3 If you have several children, it’s always best to divide the spoils equally, even if one’s a Premier League footballer and another’s a nurse. They can always redistribute it among themselves afterwards (yeah, right!) but it lets you off the hook in the lethal game of ‘Mum/Dad loved me more’.
4 Specify gifts in your will and make sure all your nearest and dearest are mentioned by name. Remember that jewellery often carries huge sentimental and symbolic value. If anyone’s going to fight over your wedding ring, best keep it on your finger.

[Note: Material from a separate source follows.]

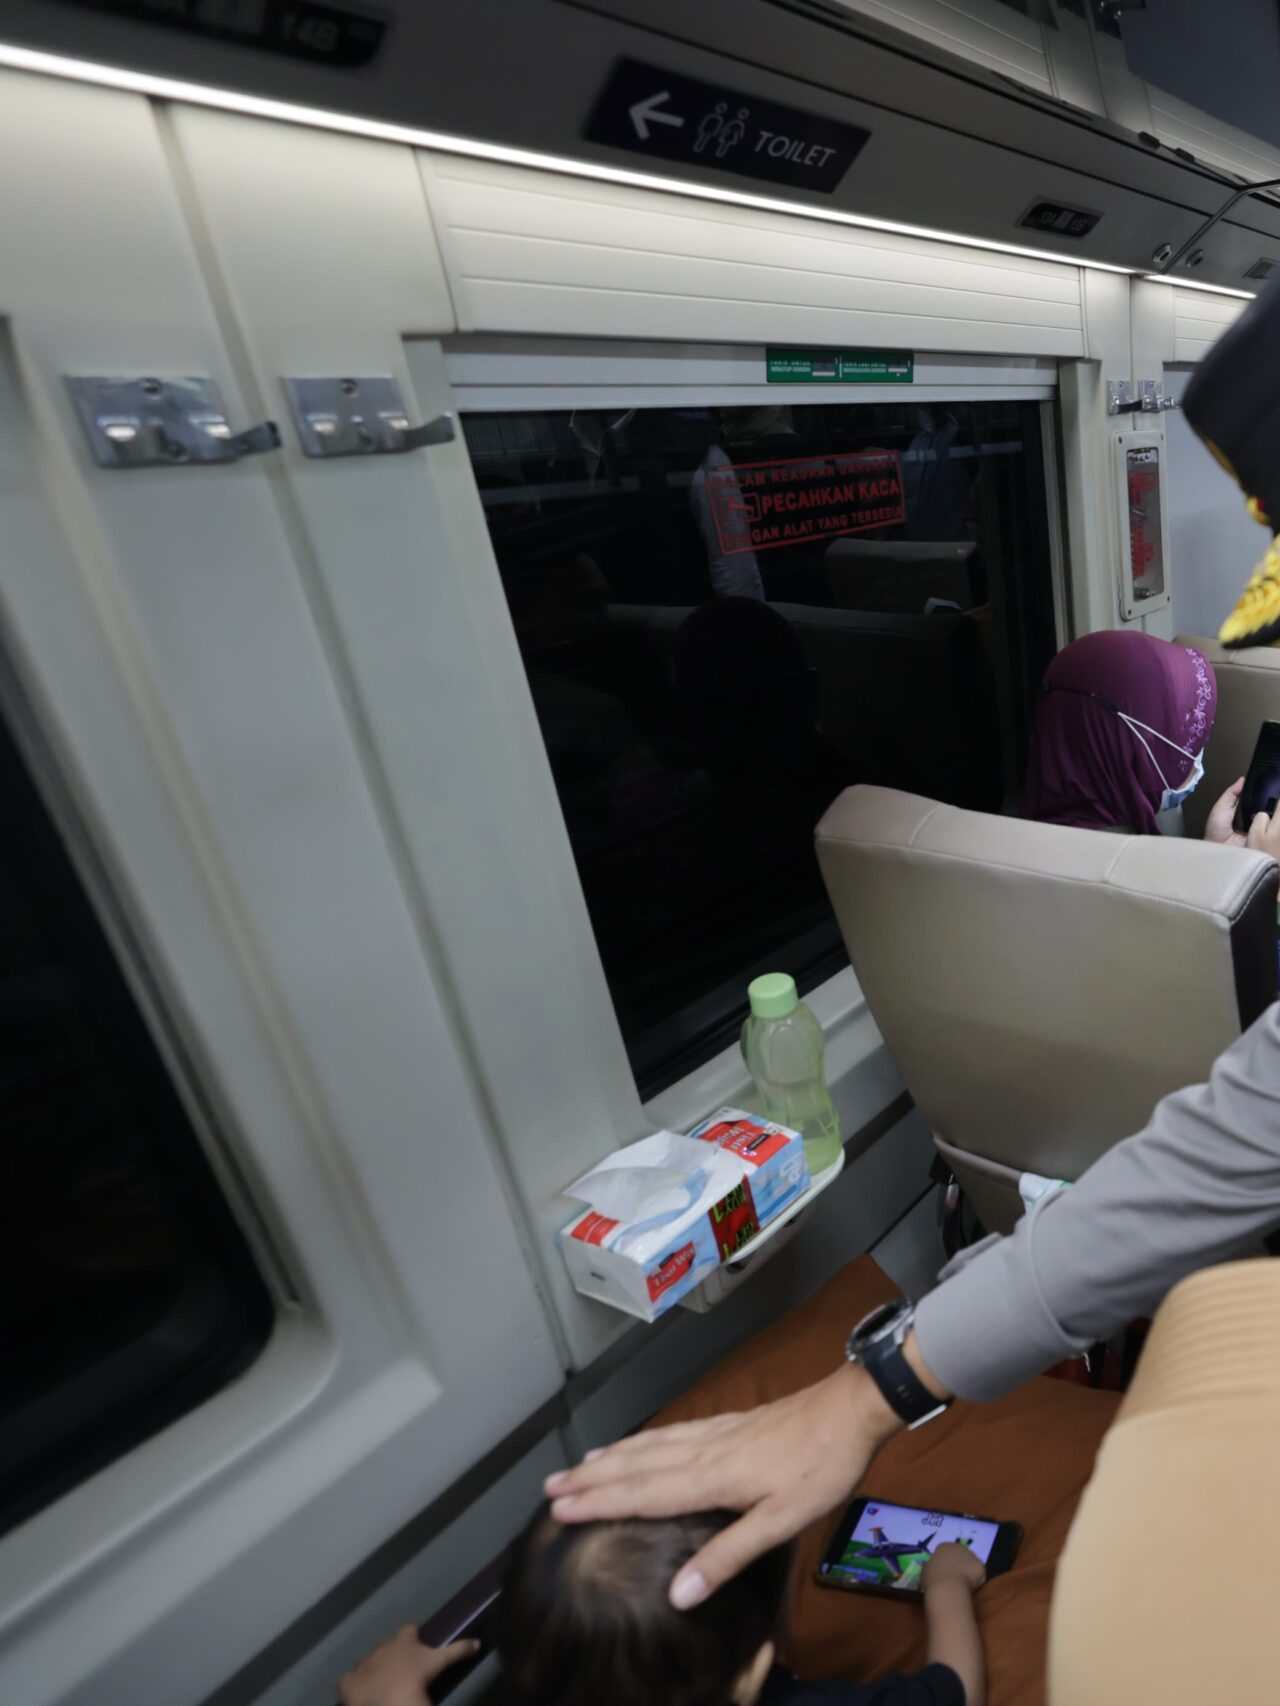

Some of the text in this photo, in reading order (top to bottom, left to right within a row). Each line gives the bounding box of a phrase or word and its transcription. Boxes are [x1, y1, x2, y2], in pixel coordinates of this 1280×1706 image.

5 Once you’re satisfied that your will is as fair as it can possibly be, sign on the dotted line and lock it away with no discussion at all. Don’t be tempted to make changes unless absolutely necessary, even if you do feel like striking off that sulky in-law who never visits.
Be gracious and you’ll feel great. No one wants their last message to the world to be a well-thumbed list covered in Tippex.